Hip-hop has exploded onto the popular scene over the last twenty years, with the most successful rap artists selling more albums than rock icons Bruce Springsteen, Billy Joel, or Elton John. It’s transcended racial boundaries, evidenced by the fact that well over two-thirds of rap albums are purchased by white listeners. It’s moved beyond being a fun and playful genre defined by pioneering acts like the Sugarhill Gang and become an active force in political and social activism. It’s given a voice to racial tensions, social inequalities, poverty, and drug abuse in the same way rock and roll gave a voice to my parents’ generation. What we listen to now, like it or not, has been and will continue to be an enduring part of our written history, one that speaks from a unique vantage point, and one that should not be ignored. Good hip-hop, like any art has the ability to entertain, educate, and inspire, regardless of age, race, or ethnicity.

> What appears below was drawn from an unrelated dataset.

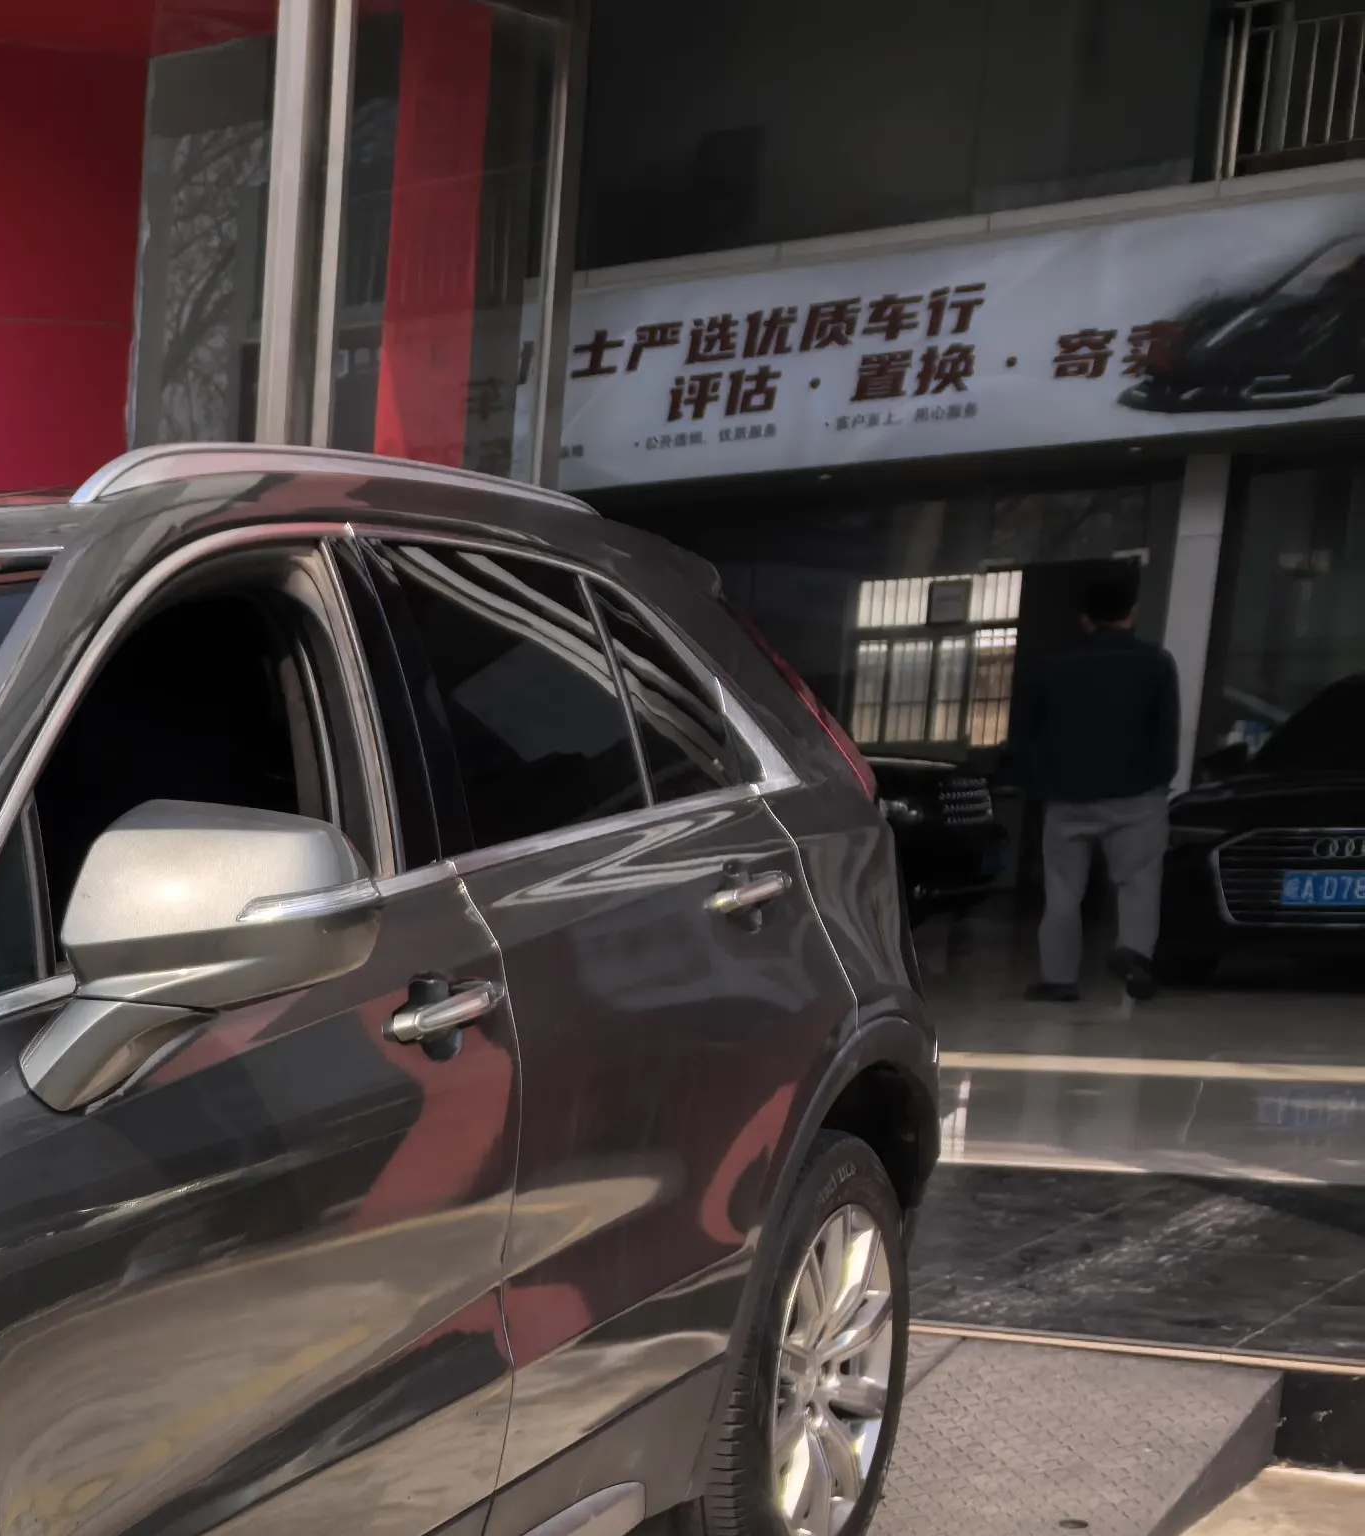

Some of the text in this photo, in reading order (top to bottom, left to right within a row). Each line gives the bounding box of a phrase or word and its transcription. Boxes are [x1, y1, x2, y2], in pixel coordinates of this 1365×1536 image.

It’s encouraged political participation, increased public awareness of important issues, bravely addressed problems like the crack epidemic, teen pregnancies, and gun violence, and on top of all of that, it introduced twenty white, black, and Puerto Rican kids to the rhythm and meter of English poetry. So if we can get past the stuntin’, trappin’, hustlin’, and flowin’, past all of the commercialized/over-sensationalized/subsequently trivialized blather that inhabits hip-hop just like any genre of music, literature, or whatever, we might just be lucky enough hear what hip-hop fans like to call “real shit”.